鳥取市生涯学習・スポーツ課は、同市吉成の鳥取市民体育館建設予定地を対象に土壌汚染調査を実施する。
同所では鳥取市民体育館再整備事業が始まっているが、ヒ素による土壌汚染の可能性があることから自主調査を実施することにしたもの。同課では令和3年2月議会で調査費を予算計上し、同3月~4月に汚染調査を実施する。
【土壌汚染調査(自主調査)の実施について】
鳥取市民体育館再整備事業用地について、次のとおり自主的な土壌汚染調査を行うこととした。
①土壌汚染対策法に基づく土壌汚染調査についての考え方
土地の形質変更3000㎡を超える場合、変更30日前までに法4条に基づき市への届け出が必要。市は土地の使用等の履歴により土壌汚染調査命令の要否を判断する。
市民体育館用地の場合、戦前は農地だったが戦後は南中学校敷地に変更され、現在は鳥取市民体育館敷地となっていた。結論として、土壌汚染のおそれは無いと判断し、令和2年9月に土壌汚染調査は不要とした。

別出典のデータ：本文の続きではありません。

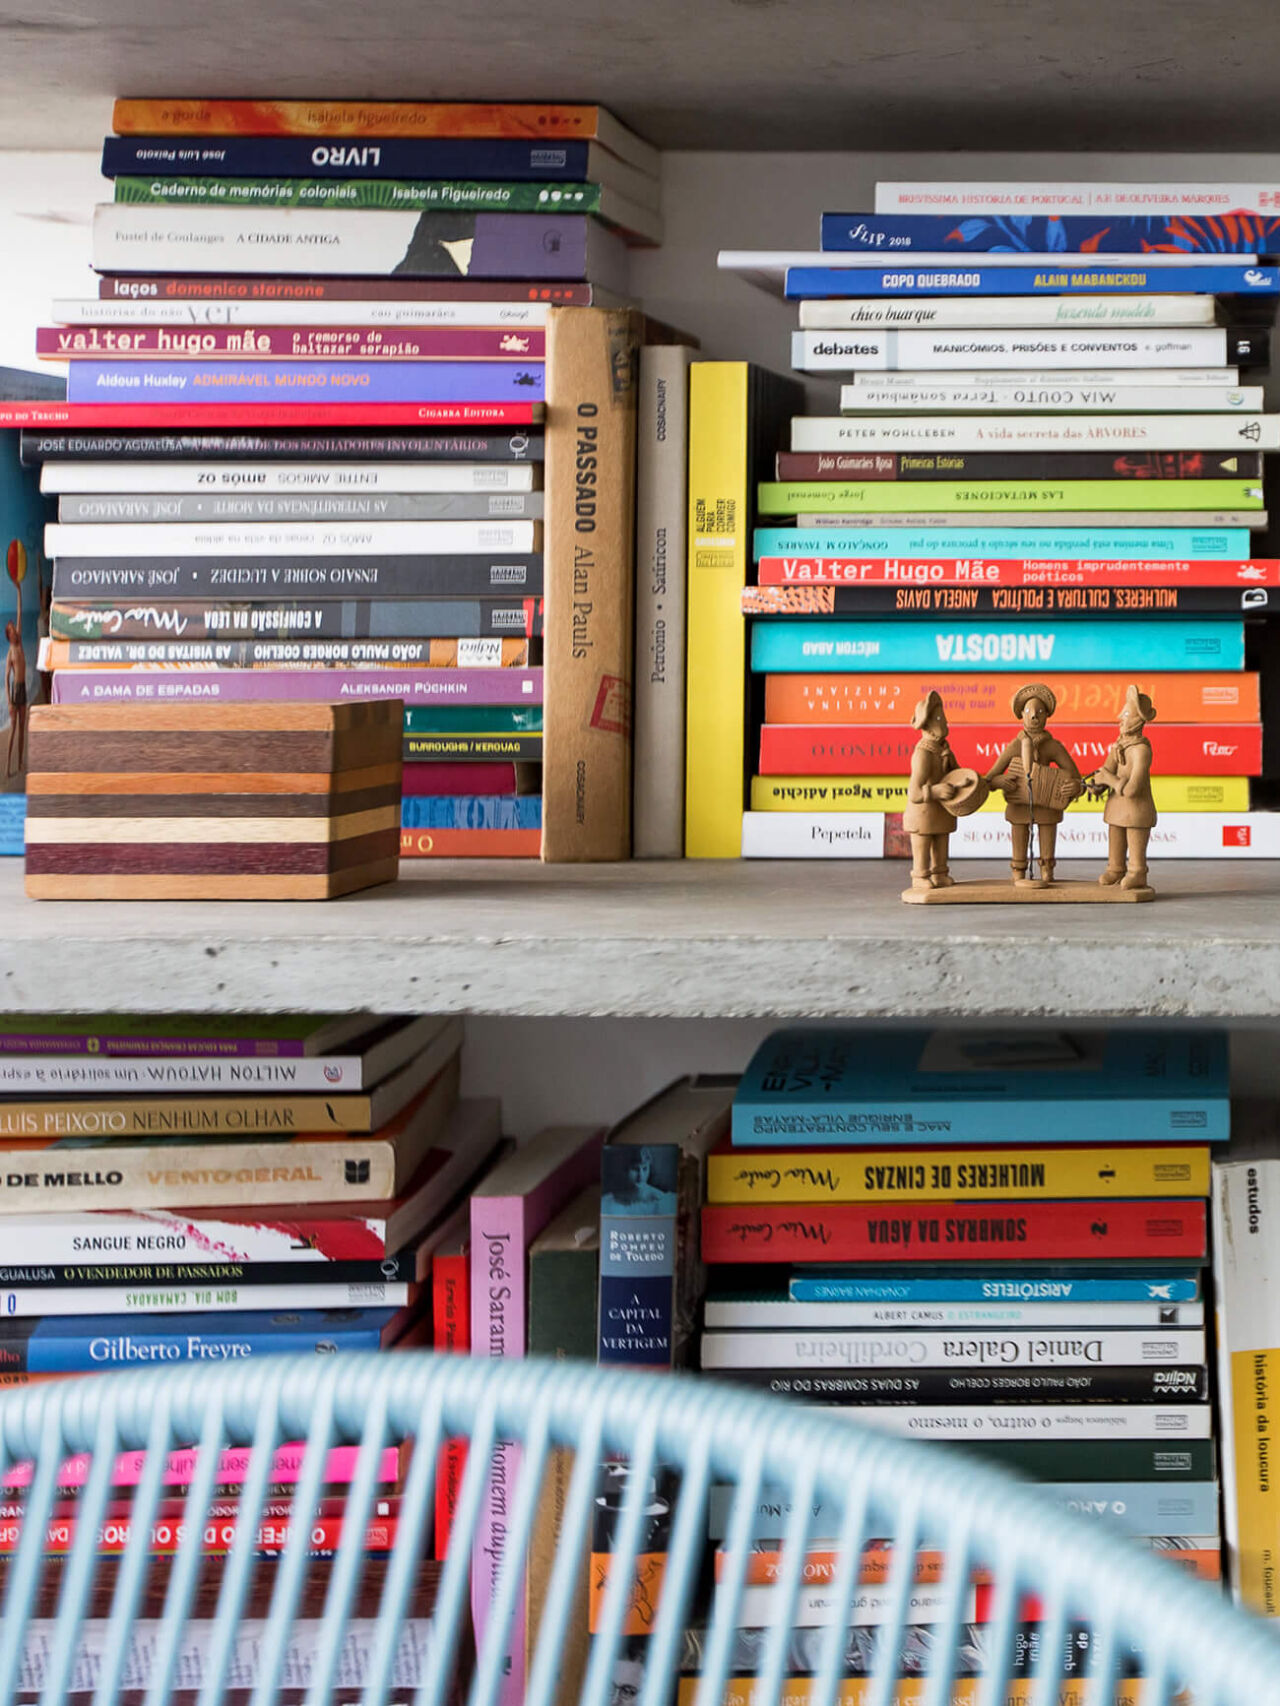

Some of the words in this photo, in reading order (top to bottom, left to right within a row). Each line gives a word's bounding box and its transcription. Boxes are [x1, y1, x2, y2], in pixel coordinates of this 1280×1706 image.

[312, 147, 380, 166] LIVRO
[151, 183, 207, 197] Caderno
[210, 184, 226, 196] de
[230, 184, 293, 198] memórias
[300, 186, 356, 199] coloniais
[393, 187, 438, 200] Isabela
[441, 188, 510, 202] Figueiredo
[890, 236, 912, 246] 2018
[114, 280, 158, 298] laços
[166, 280, 248, 295] domenico
[252, 282, 324, 296] starnone
[882, 273, 914, 288] COPO
[918, 272, 981, 288] QUEBRADO
[1034, 274, 1069, 288] ALAIN
[1072, 272, 1146, 287] MABANCKOU
[59, 330, 146, 351] valter
[158, 329, 216, 354] hugo
[227, 329, 270, 351] mãe
[812, 342, 879, 356] debates
[1012, 342, 1058, 352] PRISÕES
[1061, 344, 1067, 352] E
[1070, 343, 1138, 352] CONVENTOS
[97, 374, 140, 388] Aldous
[144, 374, 187, 390] Huxley
[194, 372, 270, 386] ADMIRÁVEL
[274, 374, 326, 386] MUNDO
[330, 374, 370, 386] NOVO
[1013, 391, 1074, 404] COUTO
[1080, 392, 1116, 404] MIA
[578, 404, 598, 417] O
[574, 426, 598, 532] PASSADO
[954, 491, 1038, 501] MUTACIONES
[1042, 490, 1064, 500] LAS
[284, 568, 326, 582] SOBRE
[329, 568, 378, 582] ENSAIO
[572, 546, 595, 596] Alan
[782, 558, 872, 581] Valter
[884, 559, 944, 584] Hugo
[955, 558, 1000, 581] Mãe
[1024, 559, 1068, 571] Homens
[1078, 559, 1190, 573] imprudentemente
[210, 569, 266, 583] LUCIDEZ
[272, 569, 280, 582] A
[1022, 570, 1084, 586] poéticos
[896, 589, 931, 610] DAVIS
[934, 589, 978, 609] ANGELA
[992, 589, 1044, 612] POLÍTICA
[1048, 589, 1054, 609] E
[1058, 588, 1110, 609] CULTURA
[204, 611, 229, 630] LEOA
[232, 611, 248, 630] DA
[250, 610, 312, 632] CONFISSÃO
[314, 610, 322, 629] A
[571, 602, 593, 659] Pauls
[650, 618, 667, 684] Petrônio
[802, 642, 834, 656] ABAD
[835, 640, 880, 658] HÉCTOR
[936, 634, 1055, 662] ANGOSTA
[340, 682, 410, 694] ALEKSANDR
[415, 681, 468, 694] PÚCHKIN
[803, 686, 901, 698] CHIZIANE
[808, 700, 894, 710] PAULINA
[812, 826, 872, 844] Pepetela
[146, 1066, 222, 1081] HATOUM
[230, 1066, 296, 1081] MILTON
[44, 1111, 126, 1131] PEIXOTO
[132, 1110, 219, 1128] NENHUM
[226, 1109, 295, 1128] OLHAR
[6, 1173, 38, 1186] DE
[44, 1170, 124, 1186] MELLO
[864, 1166, 924, 1190] CINZAS
[932, 1166, 952, 1188] DE
[957, 1164, 1044, 1188] MULHERES
[1248, 1168, 1262, 1235] estudos
[610, 1230, 665, 1242] ROBERTO
[868, 1220, 912, 1250] ÁGUA
[918, 1220, 940, 1242] DA
[945, 1218, 1026, 1243] SOMBRAS
[74, 1236, 132, 1250] SANGUE
[136, 1235, 186, 1250] NEGRO
[610, 1241, 665, 1252] POMPEU
[482, 1232, 511, 1280] José
[610, 1252, 622, 1262] DE
[625, 1251, 665, 1262] TOLEDO
[64, 1266, 76, 1280] O
[76, 1264, 159, 1280] VENDEDOR
[162, 1264, 176, 1278] DE
[178, 1264, 243, 1278] PASSADOS
[982, 1282, 1072, 1301] ARISTÓTELES
[630, 1296, 641, 1307] A
[608, 1308, 662, 1320] CAPITAL
[874, 1310, 906, 1320] ALBERT
[912, 1311, 944, 1320] CAMUS
[625, 1323, 645, 1336] DA
[90, 1338, 180, 1362] Gilberto
[186, 1336, 252, 1362] Freyre
[602, 1338, 669, 1350] VERTIGEM
[794, 1339, 928, 1364] Cordilheira
[942, 1340, 1020, 1363] Galera
[1028, 1340, 1102, 1363] Daniel
[1154, 1371, 1196, 1386] Ndjira
[1254, 1355, 1269, 1410] história
[1258, 1415, 1270, 1433] da
[1258, 1437, 1270, 1492] loucura

②ところが令和2年10月、鳥取市生活環境課から「自然由来の土壌汚染(ヒ素)が判明している旧本庁舎敷地(尚徳町)と、市民体育館再整備用地(吉成)の問は同一の地層が連続している」というデータが提出された。これを受け、再検討することになった。
③土壌汚染対策法によらない自主調査実施の判断
新本庁舎(幸町)と天神町、東品治の水質汚染等から自然由来のヒ素を検出しており、旧市庁舎から市民体育館再整備用地までの地質の連続性を想定。自然由来のヒ素が含有されている可能性を考慮すべきと評価した。
したがって、①によると土壌汚染対策法の調査命令対象地とならないが、②③の理由により自主調査の実施を決めた。
④今後の予定
調査費用を令和3年2月議会に計上し、同3月から4月に債務負担行為を設定して実施する。
汚染があれば6月議会に残土運搬処分費等を計上し、同9月議会で変更契約を締結する。
また、調査結果が分かるまでは、自然由来の土壌汚染の可能性を考慮し、残土を場内に残した形で工事を継続する。